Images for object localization
══════
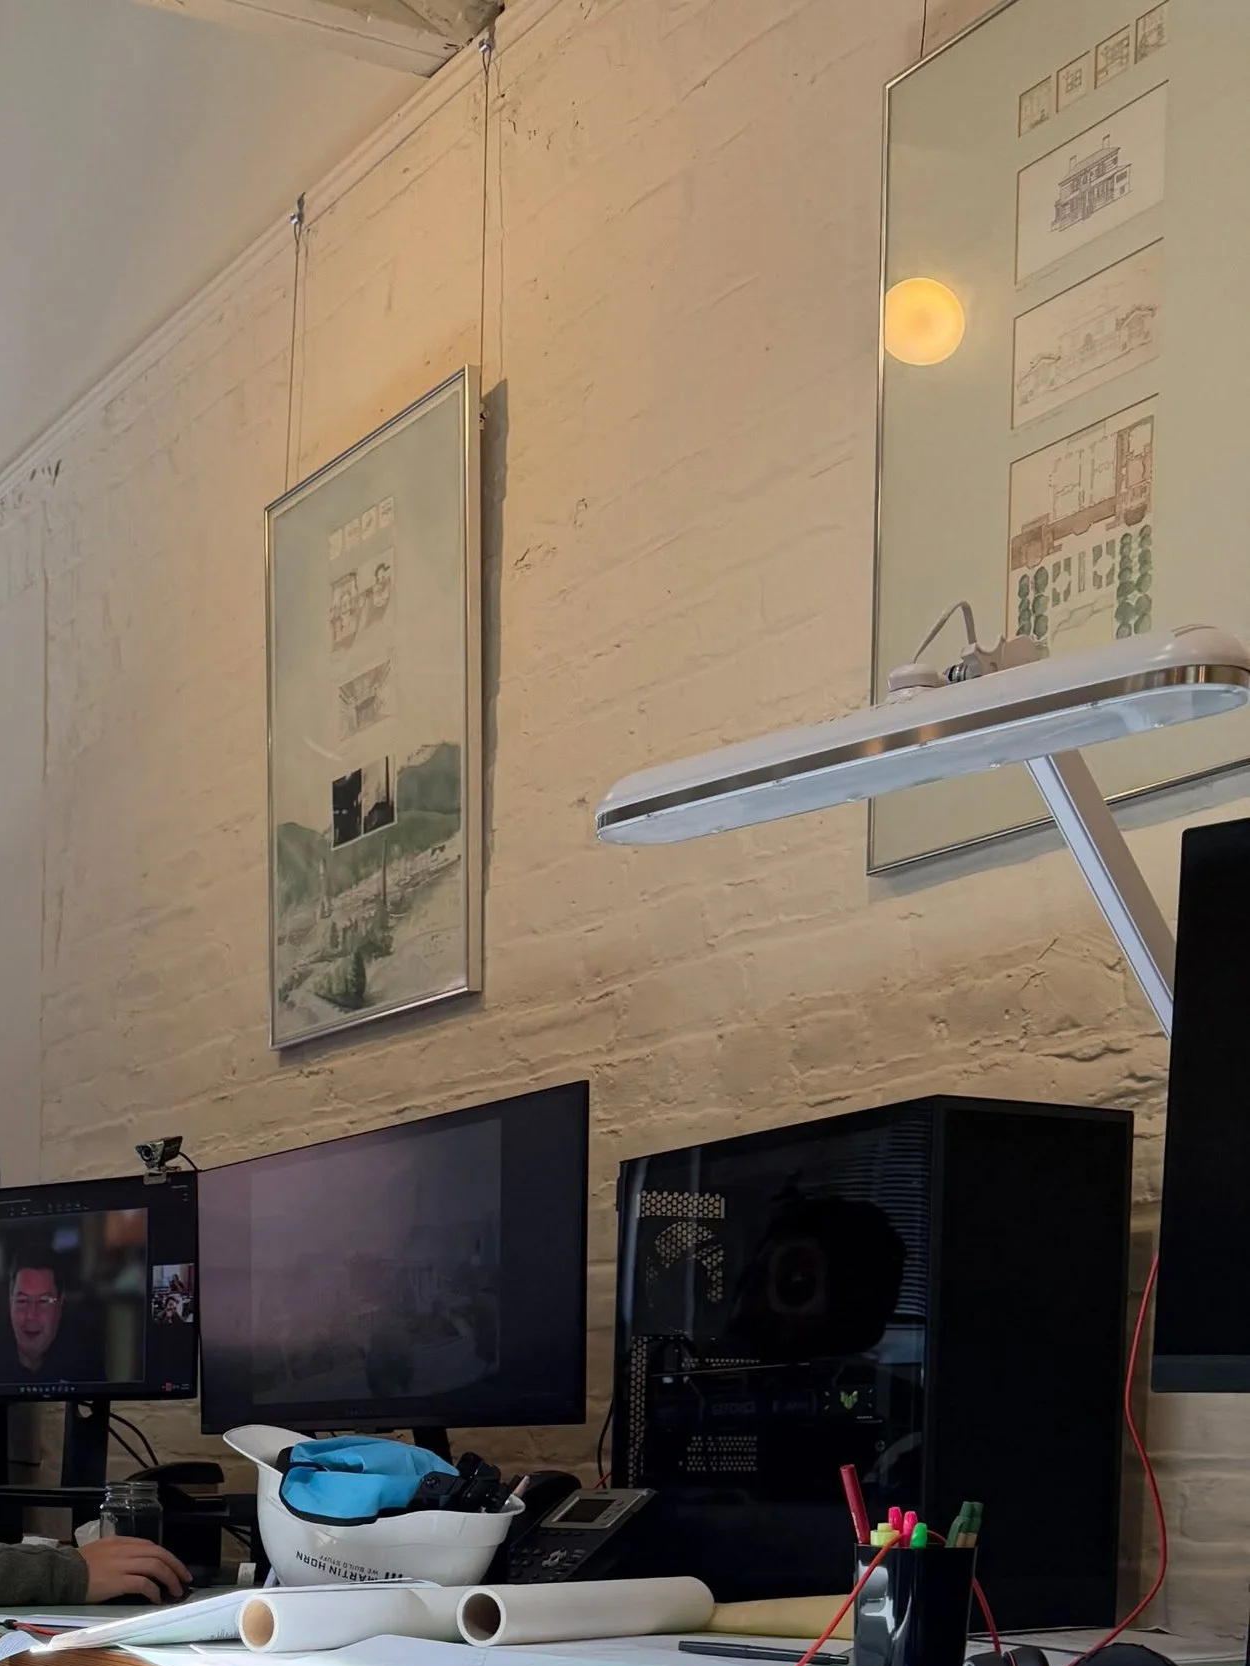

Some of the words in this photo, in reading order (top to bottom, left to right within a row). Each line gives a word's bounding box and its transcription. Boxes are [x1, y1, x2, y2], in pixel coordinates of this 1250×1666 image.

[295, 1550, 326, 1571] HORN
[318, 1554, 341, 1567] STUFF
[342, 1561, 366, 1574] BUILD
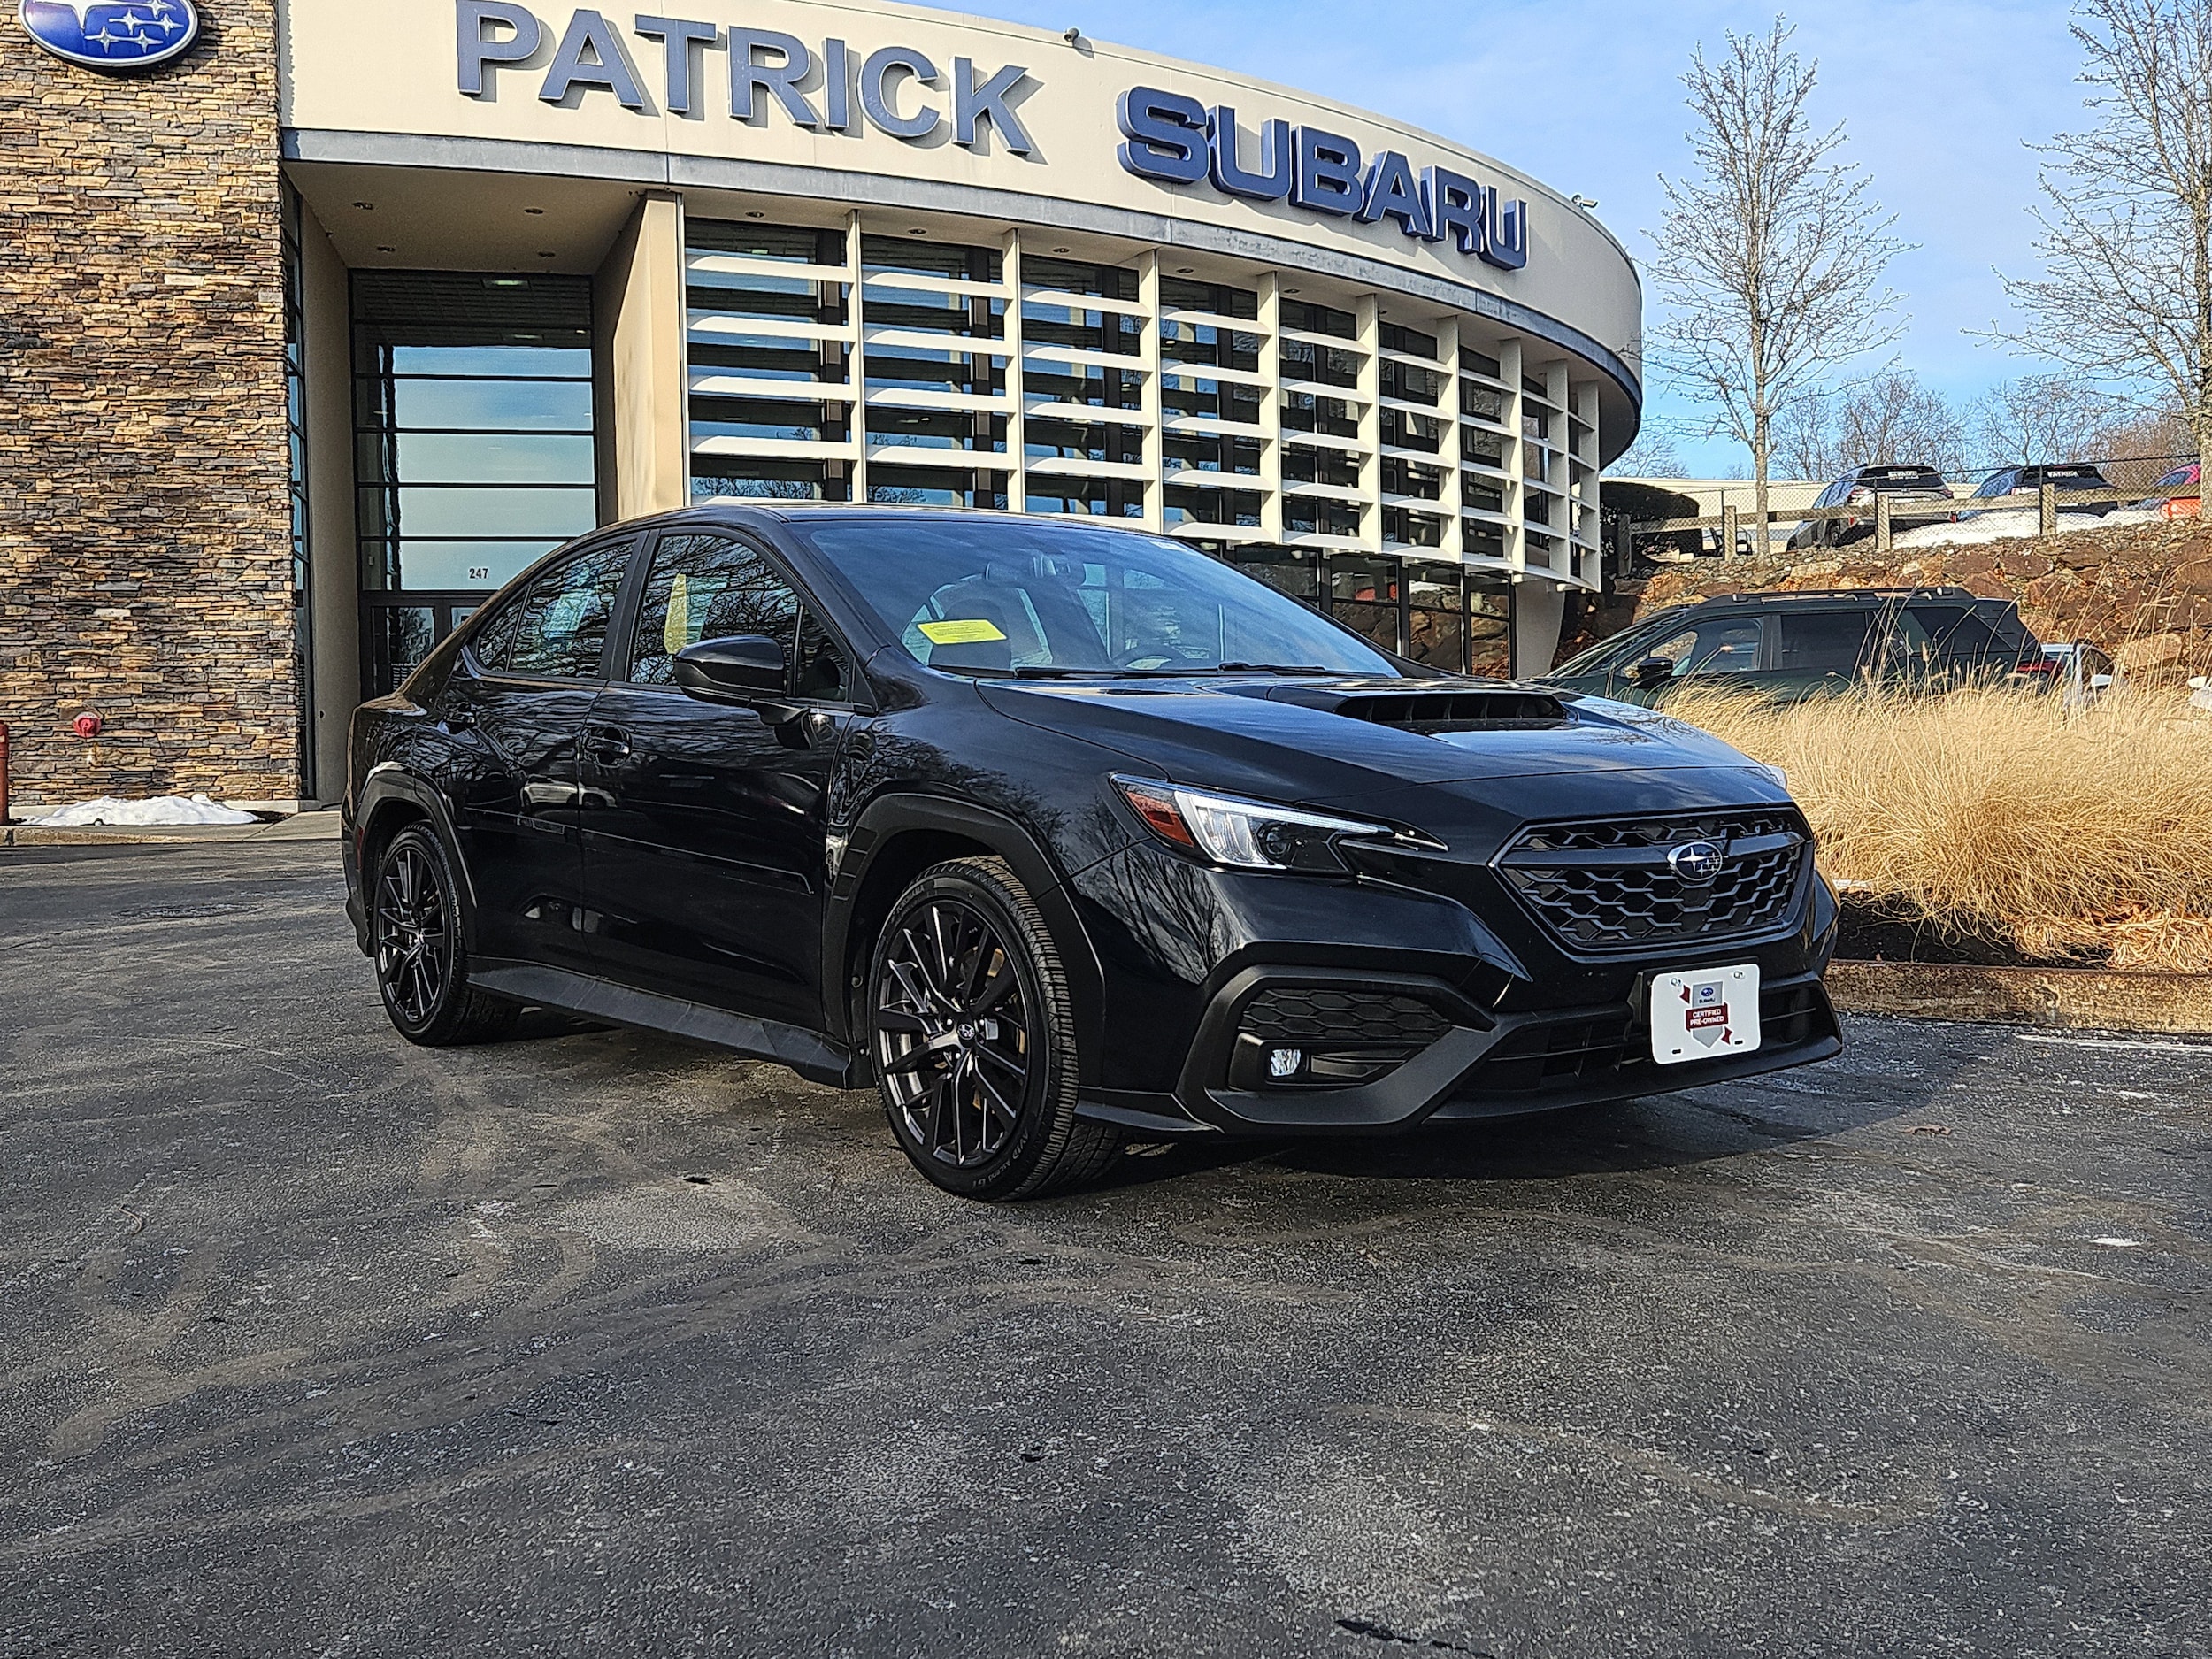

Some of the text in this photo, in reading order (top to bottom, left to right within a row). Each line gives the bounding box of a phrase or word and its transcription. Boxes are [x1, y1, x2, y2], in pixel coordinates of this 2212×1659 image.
══════
> **Exercise brief**: Transcribe every entry exactly. Leave out the pictures.

> **Answer to this task**:
Some of the words in this photo, in reading order (top to bottom, left to right within a row). Each line gives a word's bounding box and its transcription. Boxes are [x1, y1, x2, y2], in pixel coordinates of this 1250×1666 image.

[295, 1550, 326, 1571] HORN
[318, 1554, 341, 1567] STUFF
[342, 1561, 366, 1574] BUILD

Some of the text in this photo, in reading order (top to bottom, left to right within a row). Each line gives the bounding box of a phrase or word and its transcription. Boxes are [x1, y1, x2, y2], in pixel coordinates of this 2212×1659 image.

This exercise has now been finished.